Over the past few weeks, we’ve heard Google details plans and a partnership with Parallels to bring Windows 10 support to Chromebooks, at least in the enterprise space. So I was a little surprised to see this tweet from Mace Moneta over the weekend, showing that he’s running Windows 10 inside a VM within the Linux container of his Asus Chromebook Flip C436:
Well that’s… interesting.
I knew that the Chromium team was working on nested KVM support for untrusted virtual machines but I didn’t know how far along it was.
Of course, I tried to get this working on my older Acer Chromebook Spin 13, mainly because with 16 GB of memory, it’s the perfect candidate for testing Windows 10 in this scenario. I first switched to the Chrome OS 85 Beta Channel because that’s where I’ve seen the most recent supporting code changes for this support.
I mostly came up empty although installing virt-manager and dependencies worked out just fine. And I was able to get the Virtual Machine Manager running within Linux on my Chromebook.

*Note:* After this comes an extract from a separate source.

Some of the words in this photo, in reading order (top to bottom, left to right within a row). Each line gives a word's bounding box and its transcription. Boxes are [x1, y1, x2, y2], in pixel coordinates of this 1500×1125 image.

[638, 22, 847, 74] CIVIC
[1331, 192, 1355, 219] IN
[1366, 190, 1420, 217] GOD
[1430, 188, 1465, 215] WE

The first step in creating a new VM is where I hit my first snag though. KVM wasn’t enabled on my Chromebook, as indicated in step 1 of the process.

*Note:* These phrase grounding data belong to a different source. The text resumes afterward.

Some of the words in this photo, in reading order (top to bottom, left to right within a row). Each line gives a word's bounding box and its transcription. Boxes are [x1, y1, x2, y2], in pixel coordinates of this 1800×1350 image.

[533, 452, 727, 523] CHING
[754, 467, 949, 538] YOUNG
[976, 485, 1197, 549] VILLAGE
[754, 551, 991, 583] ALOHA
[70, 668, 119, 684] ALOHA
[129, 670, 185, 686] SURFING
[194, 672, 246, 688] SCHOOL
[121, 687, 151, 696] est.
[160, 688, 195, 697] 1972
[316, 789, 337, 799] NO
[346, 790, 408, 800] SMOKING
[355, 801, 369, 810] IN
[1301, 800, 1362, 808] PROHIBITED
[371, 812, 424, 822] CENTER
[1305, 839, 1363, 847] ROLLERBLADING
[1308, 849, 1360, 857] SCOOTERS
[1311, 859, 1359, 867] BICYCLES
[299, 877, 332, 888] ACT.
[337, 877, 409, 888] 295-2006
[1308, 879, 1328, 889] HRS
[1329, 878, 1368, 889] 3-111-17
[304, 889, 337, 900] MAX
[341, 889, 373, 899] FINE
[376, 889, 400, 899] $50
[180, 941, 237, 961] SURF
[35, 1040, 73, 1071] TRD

I decided to continue anyway, thinking even a slower experience of Windows 10 in a VM is better than none at all. Unfortunately, I couldn’t get my Windows 10 .iso file to ever be read, after various configuration changes and the additional of necessary virtual hardware.

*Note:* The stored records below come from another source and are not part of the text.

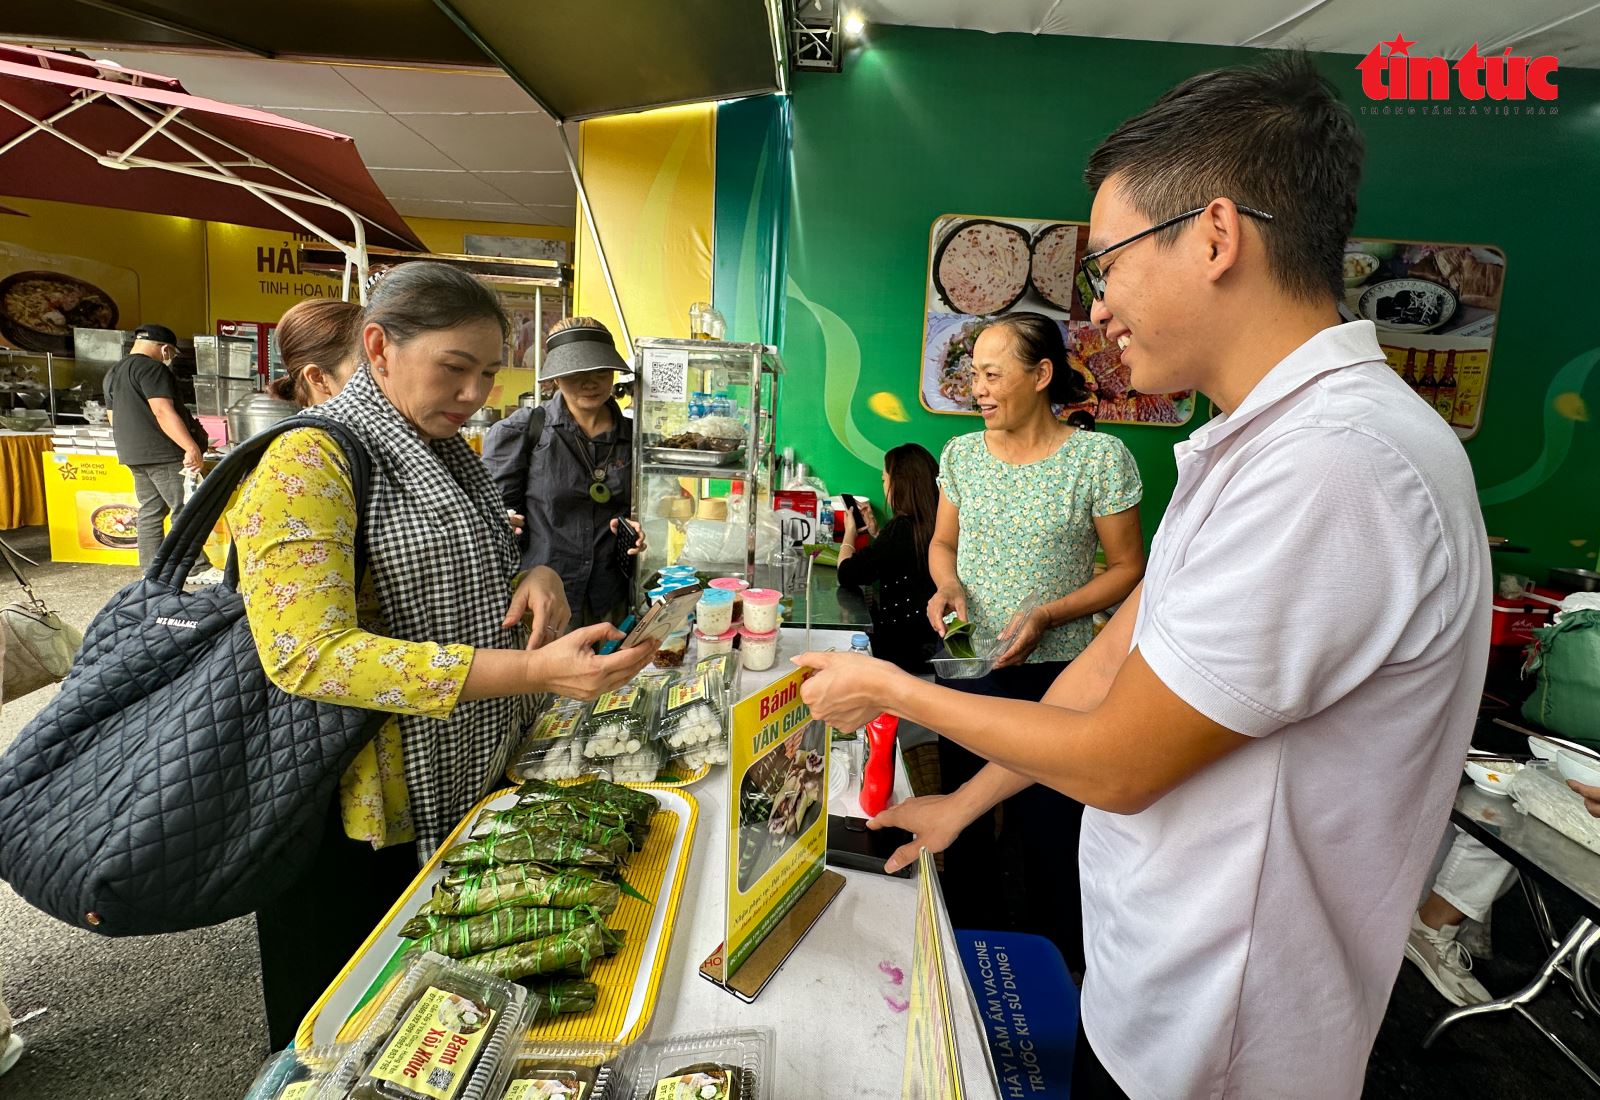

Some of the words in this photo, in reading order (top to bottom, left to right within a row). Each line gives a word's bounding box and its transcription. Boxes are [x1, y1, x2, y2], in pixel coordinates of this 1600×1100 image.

[258, 280, 289, 295] TINH
[294, 282, 324, 298] HOA
[760, 681, 797, 721] Bánh
[753, 721, 779, 755] VĂN
[974, 940, 999, 996] VACCINE
[996, 952, 1017, 991] DỤNG
[985, 1000, 1006, 1023] ẤM
[1002, 991, 1023, 1010] SỬ
[424, 1027, 447, 1048] Xôi
[1011, 1013, 1031, 1036] KHI
[439, 1033, 469, 1065] Bánh
[994, 1026, 1014, 1057] LÀM
[403, 1047, 434, 1079] Khúc
[1019, 1039, 1046, 1092] TRƯỚC
[1004, 1062, 1025, 1098] HÃY

I suspect the key issue on my Chromebook is that KVM is disabled by default, as it has been on every Chromebook, per this Chromium site. Running the kvm-ok command in Linux on my Spin 13 returns this message:
INFO: Your CPU does not support KVM extensions
KVM acceleration can NOT be used
This has to do with the configuration of kernel use and although there are steps on the above site indicating how to re-enable KVM support, it’s not something that most Chromebook owners will be able to do. And it requires a CPU that supports Intel’s VMX extensions.
Having said that, it appears in code commits that nested KVM and untrusted — read: Non-Google built — VMs will be supported in the future. Which Chromebooks will get the feature is the next question. And it based on the limited information I’ve seen, it may only be newer devices based on chipset and kernel version requirements.
Regardless, I’ll keep tinkering with this on my Chromebook Spin 13 and some newer Chromebooks that may have a more recent Linux kernel. If I find out more, I’ll be sure to share. And if you’ve been able to get Windows 10 inside a Linux VM on your Chromebook, let us all know what you’re using and how it’s going!